Activity. Whatever the records contain, reproduce all of them exactly.

(Supplied information Opens)

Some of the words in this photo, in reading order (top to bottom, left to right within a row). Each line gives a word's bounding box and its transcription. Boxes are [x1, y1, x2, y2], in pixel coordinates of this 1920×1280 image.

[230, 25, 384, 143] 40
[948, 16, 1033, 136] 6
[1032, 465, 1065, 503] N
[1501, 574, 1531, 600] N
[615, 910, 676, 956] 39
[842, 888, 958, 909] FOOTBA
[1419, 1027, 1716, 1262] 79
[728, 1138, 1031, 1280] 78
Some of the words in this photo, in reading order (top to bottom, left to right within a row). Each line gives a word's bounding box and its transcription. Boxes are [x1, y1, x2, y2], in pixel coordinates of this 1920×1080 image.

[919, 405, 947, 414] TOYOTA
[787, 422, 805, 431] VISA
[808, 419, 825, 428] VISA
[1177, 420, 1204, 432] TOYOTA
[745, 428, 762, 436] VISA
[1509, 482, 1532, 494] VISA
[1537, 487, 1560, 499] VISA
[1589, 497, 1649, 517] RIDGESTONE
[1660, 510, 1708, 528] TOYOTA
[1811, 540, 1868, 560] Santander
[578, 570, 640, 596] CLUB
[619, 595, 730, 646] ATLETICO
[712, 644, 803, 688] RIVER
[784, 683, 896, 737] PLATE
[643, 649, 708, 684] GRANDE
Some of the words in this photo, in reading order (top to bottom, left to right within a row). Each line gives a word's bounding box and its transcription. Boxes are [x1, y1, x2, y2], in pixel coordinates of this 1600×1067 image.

(Supplied information Closes)

Answer box.
Some of the words in this photo, in reading order (top to bottom, left to right within a row). Each line gives a word's bounding box and its transcription. Boxes are [x1, y1, x2, y2], in pixel coordinates of this 1920×1280 image.

[230, 25, 384, 143] 40
[948, 16, 1033, 136] 6
[1032, 465, 1065, 503] N
[1501, 574, 1531, 600] N
[615, 910, 676, 956] 39
[842, 888, 958, 909] FOOTBA
[1419, 1027, 1716, 1262] 79
[728, 1138, 1031, 1280] 78
Some of the words in this photo, in reading order (top to bottom, left to right within a row). Each line gives a word's bounding box and its transcription. Boxes are [x1, y1, x2, y2], in pixel coordinates of this 1920×1080 image.

[919, 405, 947, 414] TOYOTA
[787, 422, 805, 431] VISA
[808, 419, 825, 428] VISA
[1177, 420, 1204, 432] TOYOTA
[745, 428, 762, 436] VISA
[1509, 482, 1532, 494] VISA
[1537, 487, 1560, 499] VISA
[1589, 497, 1649, 517] RIDGESTONE
[1660, 510, 1708, 528] TOYOTA
[1811, 540, 1868, 560] Santander
[578, 570, 640, 596] CLUB
[619, 595, 730, 646] ATLETICO
[712, 644, 803, 688] RIVER
[784, 683, 896, 737] PLATE
[643, 649, 708, 684] GRANDE
Some of the words in this photo, in reading order (top to bottom, left to right within a row). Each line gives a word's bounding box and its transcription. Boxes are [x1, y1, x2, y2], in pixel coordinates of this 1600×1067 image.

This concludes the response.